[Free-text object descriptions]

════

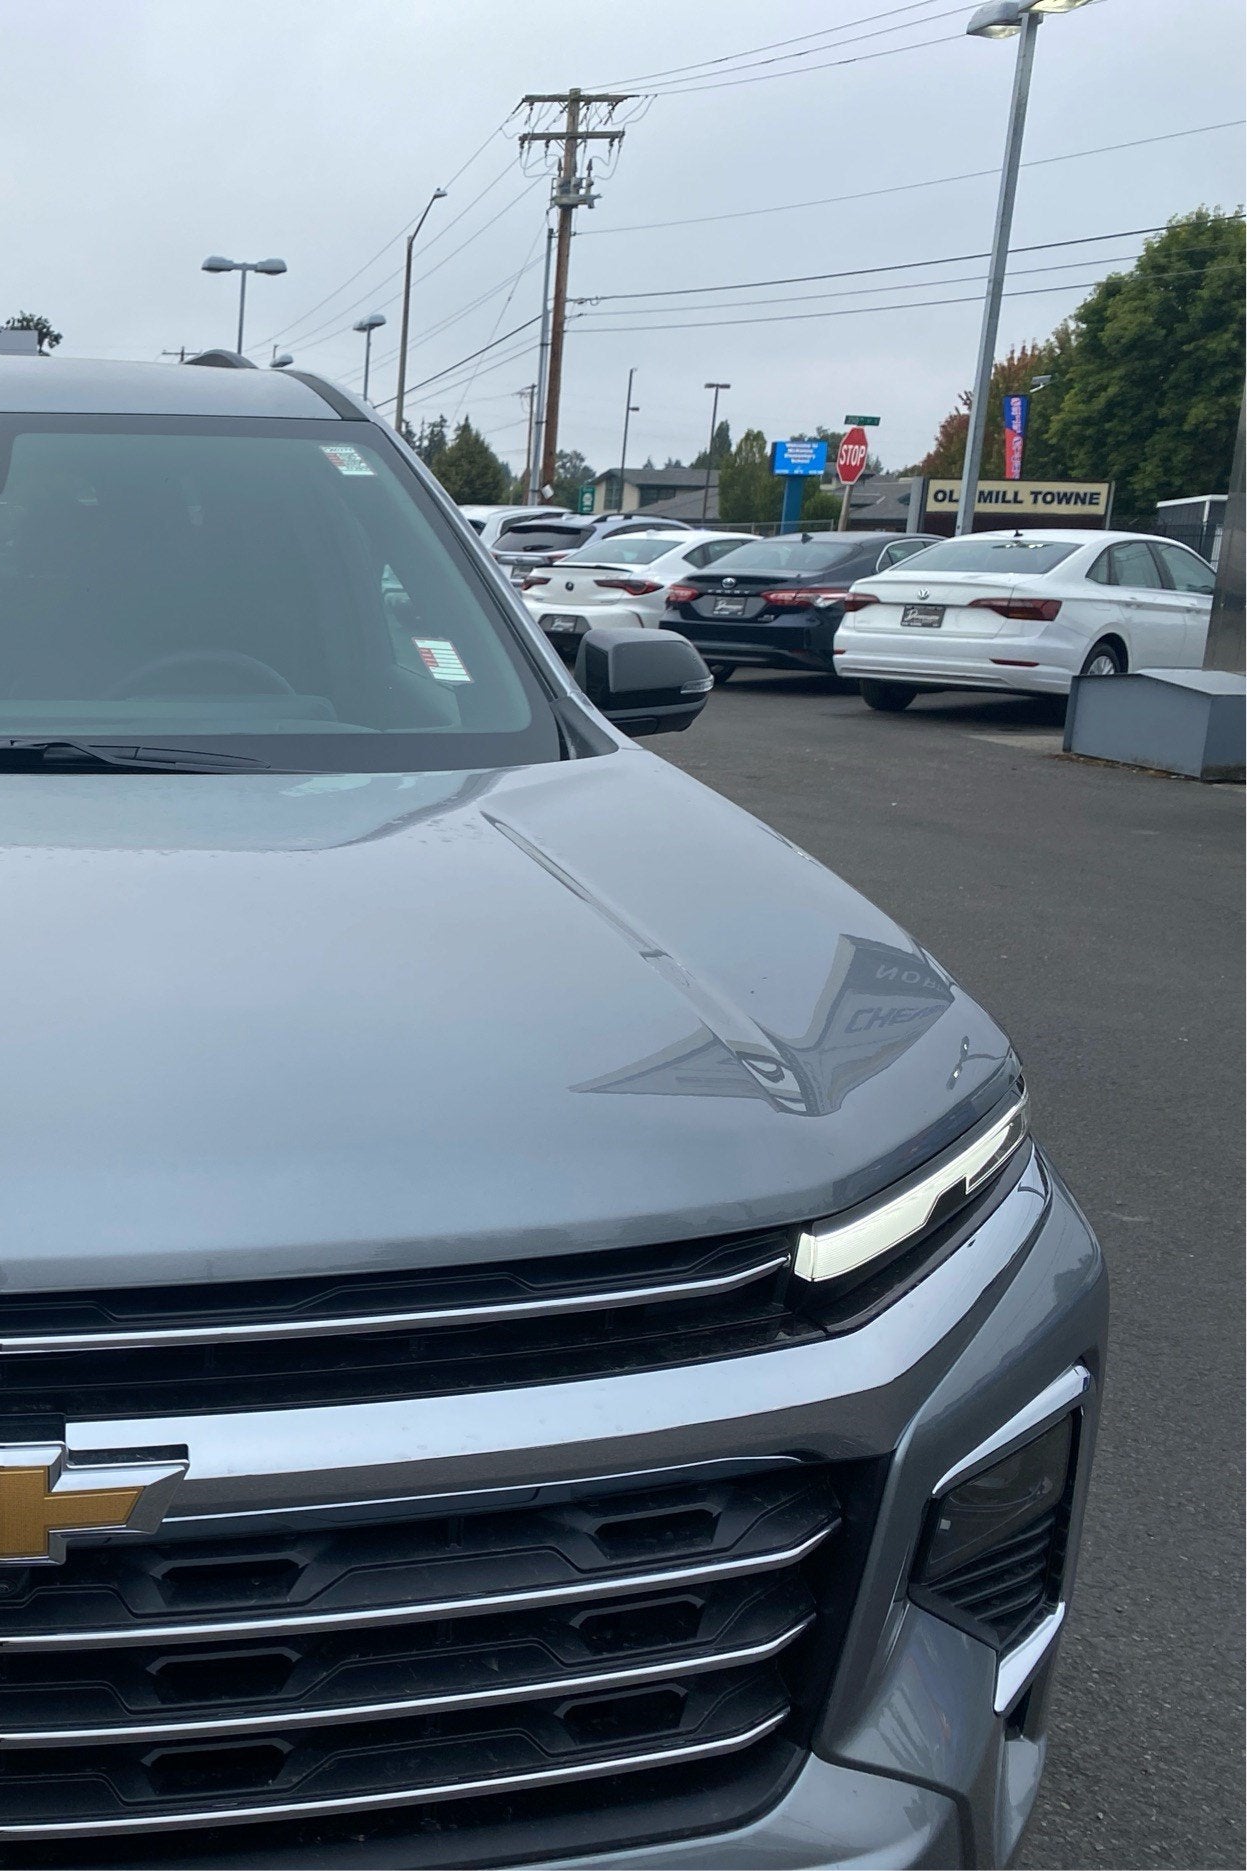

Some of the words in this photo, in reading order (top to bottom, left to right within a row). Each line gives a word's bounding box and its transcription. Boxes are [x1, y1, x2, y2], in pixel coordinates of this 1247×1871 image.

[839, 444, 866, 466] STOP
[933, 489, 960, 503] OL
[977, 490, 1024, 504] MILL
[1030, 491, 1101, 505] TOWNE

════

**REQUIREMENT**:
Give back each entry exactly as it appears, with no pictures.

**PROBLEM SOLUTION**:
Some of the words in this photo, in reading order (top to bottom, left to right within a row). Each line gives a word's bounding box and its transcription. Boxes are [x1, y1, x2, y2], in pixel coordinates of this 1247×1871 image.

[839, 444, 866, 466] STOP
[933, 489, 960, 503] OL
[977, 490, 1024, 504] MILL
[1030, 491, 1101, 505] TOWNE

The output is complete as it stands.